Tonight, I will go home and be thankful, for the big house, my two rooms, for my middle-class birth, for every material comfort that I so often scoff at in the name of humility. Because we live in a world where these things matter enough to save your life. Because my parents have two cars, their own house, and comfortable bank accounts, our lives are worthy of being saved. It sounds insane, doesn't it? But when I read about all
those lives that are so dispensable because they have no other defence than their tears of anguish and helplessness, whose cries and appeals go unheard - this is all I can come up with to explain how this sort of continuing terror can be perpetrated on the people who have put the present government in power. The people whom the government purports to protect. Instead, children are dying, men and women lie wounded in hospitals,
each reduced to a name and number plastered across their forehead with duct tape. The language of diplomatic communication has always been maddening; annoyingly passive. The prime minister has been kind enough to say that Delhi is "concerned". When your child falls down and hurts his knee, you show concern. When your house is full of termites, you're entitled to be concerned. But when the women of your polity get raped and murdered, when you can look at the fear on the faces of the men and children, and still shoot them to death to make a sham of all your promises, a mockery of the democracy you claim to ensure - I'm thinking there needs to be more than a show of "concern" and "direct interest".

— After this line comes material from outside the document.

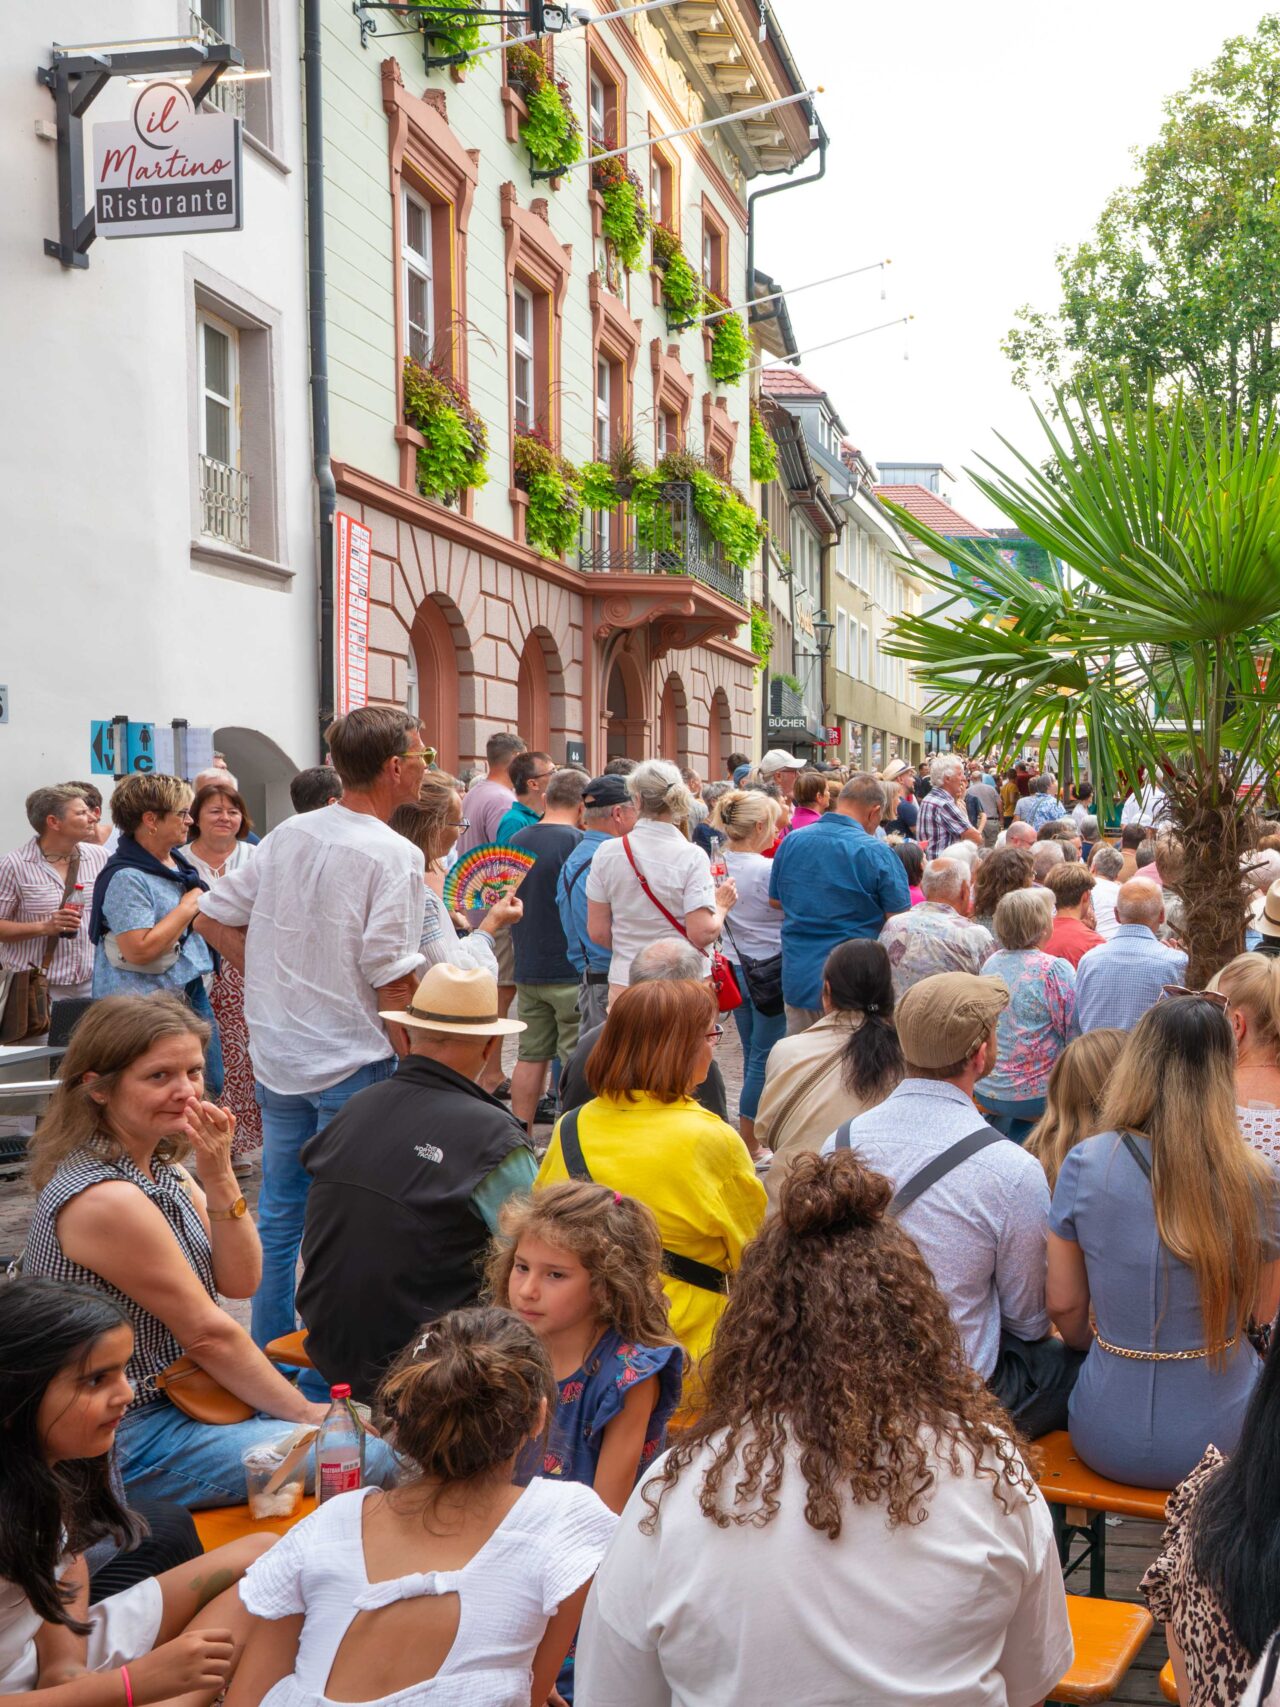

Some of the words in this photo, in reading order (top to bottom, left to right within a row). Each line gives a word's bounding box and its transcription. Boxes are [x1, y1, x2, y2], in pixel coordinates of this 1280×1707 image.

[146, 95, 179, 133] il
[101, 145, 231, 190] Martino
[102, 189, 227, 219] Ristorante
[769, 717, 806, 728] BÜCHER

Nandigram embarasses me. On the way to work, when I see a group of foreign tourists wandering aimlessly near Raj Bhavan, looking appalled at the empty streets of a city whose charm lies in its people, its overwhelming crowds, I am ashamed for the anxious alertness in their body language. When the police crack down on artists raising their voice against the atrocities, the complete disregard for the democratic rights of the people in my state embarasses me.

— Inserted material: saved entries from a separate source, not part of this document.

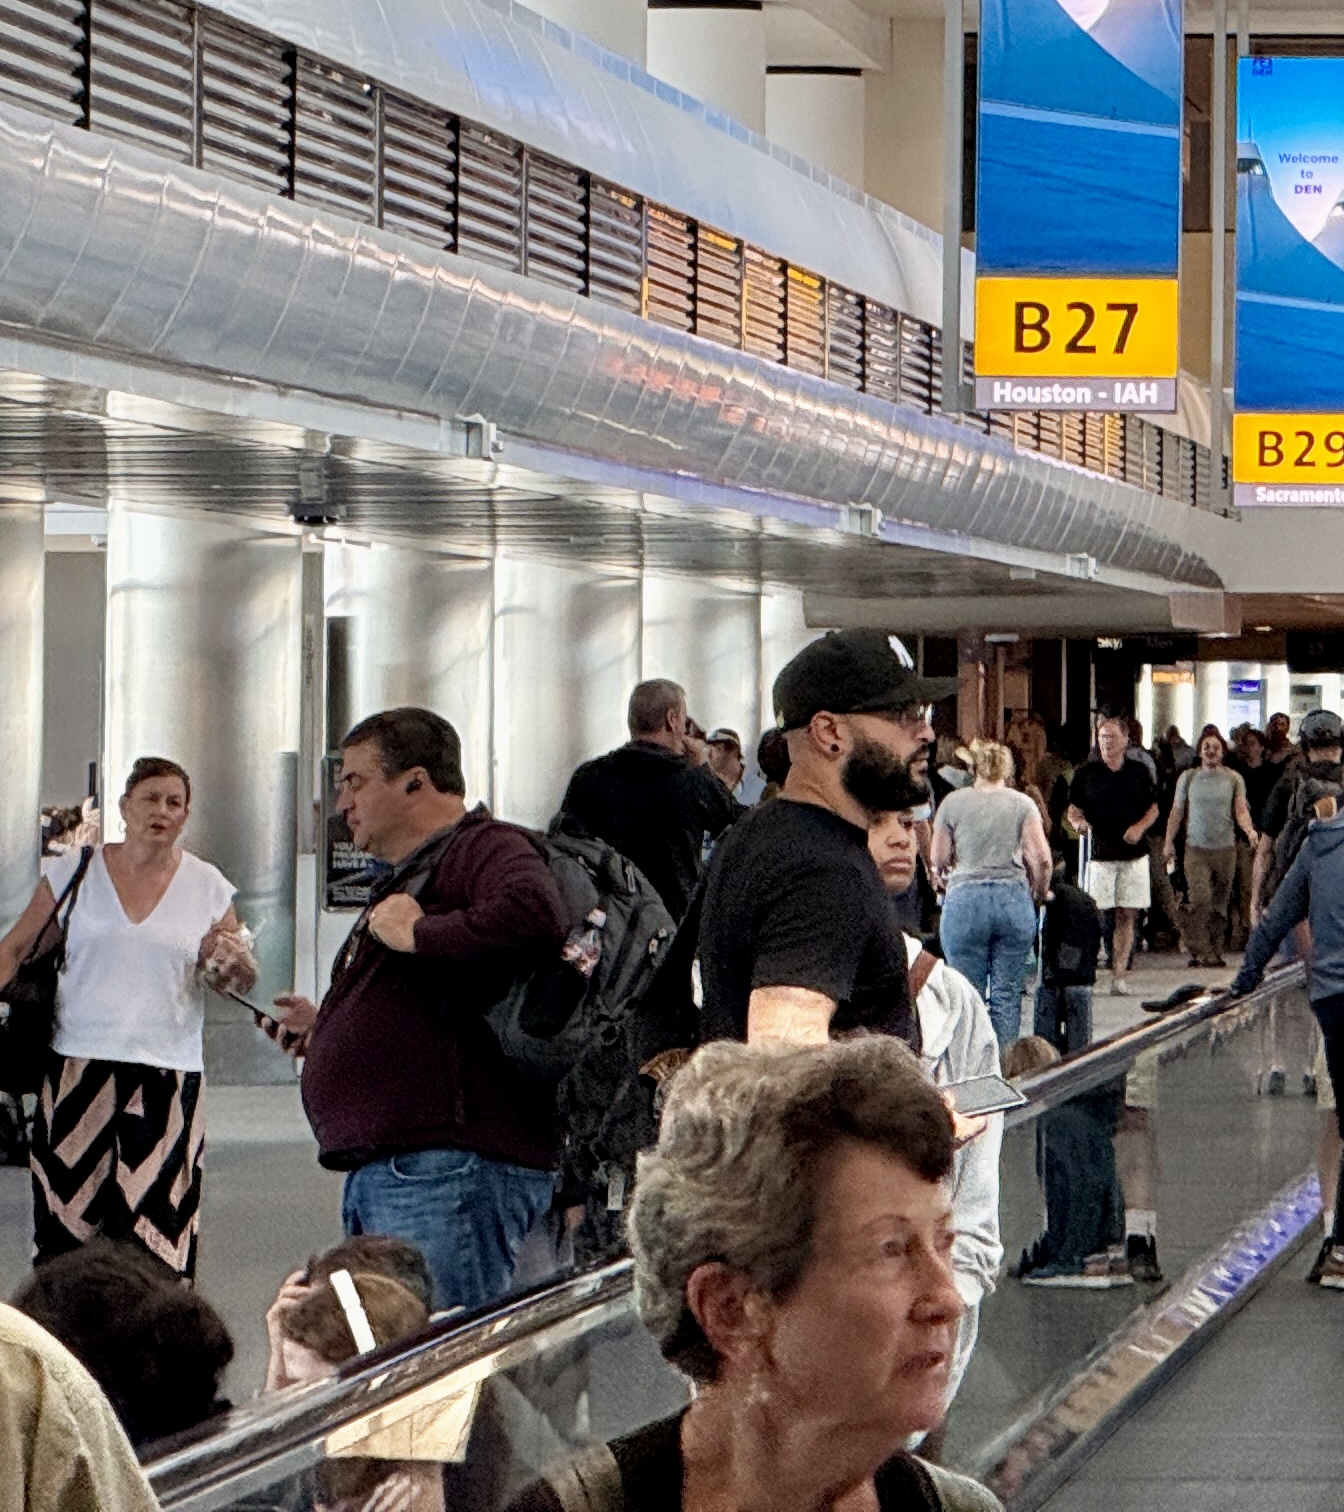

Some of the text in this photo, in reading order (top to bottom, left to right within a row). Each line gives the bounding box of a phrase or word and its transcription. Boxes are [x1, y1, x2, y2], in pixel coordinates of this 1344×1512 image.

[1278, 152, 1339, 164] Welcome
[1300, 169, 1314, 179] to
[1293, 184, 1323, 195] DEN
[1013, 301, 1140, 355] B27
[992, 382, 1091, 405] Houston
[1113, 382, 1159, 405] IAH

My city's silence, and my own, embarasses me. My 'education', the 'awareness' and 'exposure' that has cultivated for me and for those like me an ostensible 'voice', embarasses me because of the way in which it is being threatened and systematically quashed by my government.
And when I go back home, and think of all those people who have been rendered homeless, landless, and, in so many cases, without a family, I will be embarassed for the comfort I was born into and for the inability to do much else than to wallow in it.